### WHAT IS REQUIRED
Each record, in full, must be restated word for word.

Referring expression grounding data
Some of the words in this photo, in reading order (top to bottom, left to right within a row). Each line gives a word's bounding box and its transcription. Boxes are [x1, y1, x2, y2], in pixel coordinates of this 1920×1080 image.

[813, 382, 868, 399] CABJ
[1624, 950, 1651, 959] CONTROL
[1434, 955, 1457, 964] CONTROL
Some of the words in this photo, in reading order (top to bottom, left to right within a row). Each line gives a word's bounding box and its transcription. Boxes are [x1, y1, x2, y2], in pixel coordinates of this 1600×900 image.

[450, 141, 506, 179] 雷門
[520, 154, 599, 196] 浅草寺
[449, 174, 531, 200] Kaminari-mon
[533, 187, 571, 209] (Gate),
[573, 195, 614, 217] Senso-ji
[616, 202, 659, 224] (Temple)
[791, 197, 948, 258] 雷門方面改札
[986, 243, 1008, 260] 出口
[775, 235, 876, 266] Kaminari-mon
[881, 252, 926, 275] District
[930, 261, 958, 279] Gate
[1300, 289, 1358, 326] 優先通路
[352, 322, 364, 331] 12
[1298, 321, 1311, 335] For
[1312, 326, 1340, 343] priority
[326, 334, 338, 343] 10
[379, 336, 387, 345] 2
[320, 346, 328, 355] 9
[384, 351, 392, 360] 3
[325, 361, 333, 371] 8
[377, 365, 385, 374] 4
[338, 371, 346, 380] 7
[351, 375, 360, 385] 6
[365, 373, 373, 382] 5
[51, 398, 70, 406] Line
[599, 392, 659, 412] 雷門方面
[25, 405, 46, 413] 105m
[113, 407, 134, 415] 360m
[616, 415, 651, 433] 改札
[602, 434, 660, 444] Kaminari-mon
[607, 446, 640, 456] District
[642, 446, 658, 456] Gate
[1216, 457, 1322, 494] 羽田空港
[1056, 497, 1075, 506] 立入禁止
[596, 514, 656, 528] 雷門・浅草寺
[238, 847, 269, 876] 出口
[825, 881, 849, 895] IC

### WRITTEN ANSWER
Some of the words in this photo, in reading order (top to bottom, left to right within a row). Each line gives a word's bounding box and its transcription. Boxes are [x1, y1, x2, y2], in pixel coordinates of this 1920×1080 image.

[813, 382, 868, 399] CABJ
[1624, 950, 1651, 959] CONTROL
[1434, 955, 1457, 964] CONTROL
Some of the words in this photo, in reading order (top to bottom, left to right within a row). Each line gives a word's bounding box and its transcription. Boxes are [x1, y1, x2, y2], in pixel coordinates of this 1600×900 image.

[450, 141, 506, 179] 雷門
[520, 154, 599, 196] 浅草寺
[449, 174, 531, 200] Kaminari-mon
[533, 187, 571, 209] (Gate),
[573, 195, 614, 217] Senso-ji
[616, 202, 659, 224] (Temple)
[791, 197, 948, 258] 雷門方面改札
[986, 243, 1008, 260] 出口
[775, 235, 876, 266] Kaminari-mon
[881, 252, 926, 275] District
[930, 261, 958, 279] Gate
[1300, 289, 1358, 326] 優先通路
[352, 322, 364, 331] 12
[1298, 321, 1311, 335] For
[1312, 326, 1340, 343] priority
[326, 334, 338, 343] 10
[379, 336, 387, 345] 2
[320, 346, 328, 355] 9
[384, 351, 392, 360] 3
[325, 361, 333, 371] 8
[377, 365, 385, 374] 4
[338, 371, 346, 380] 7
[351, 375, 360, 385] 6
[365, 373, 373, 382] 5
[51, 398, 70, 406] Line
[599, 392, 659, 412] 雷門方面
[25, 405, 46, 413] 105m
[113, 407, 134, 415] 360m
[616, 415, 651, 433] 改札
[602, 434, 660, 444] Kaminari-mon
[607, 446, 640, 456] District
[642, 446, 658, 456] Gate
[1216, 457, 1322, 494] 羽田空港
[1056, 497, 1075, 506] 立入禁止
[596, 514, 656, 528] 雷門・浅草寺
[238, 847, 269, 876] 出口
[825, 881, 849, 895] IC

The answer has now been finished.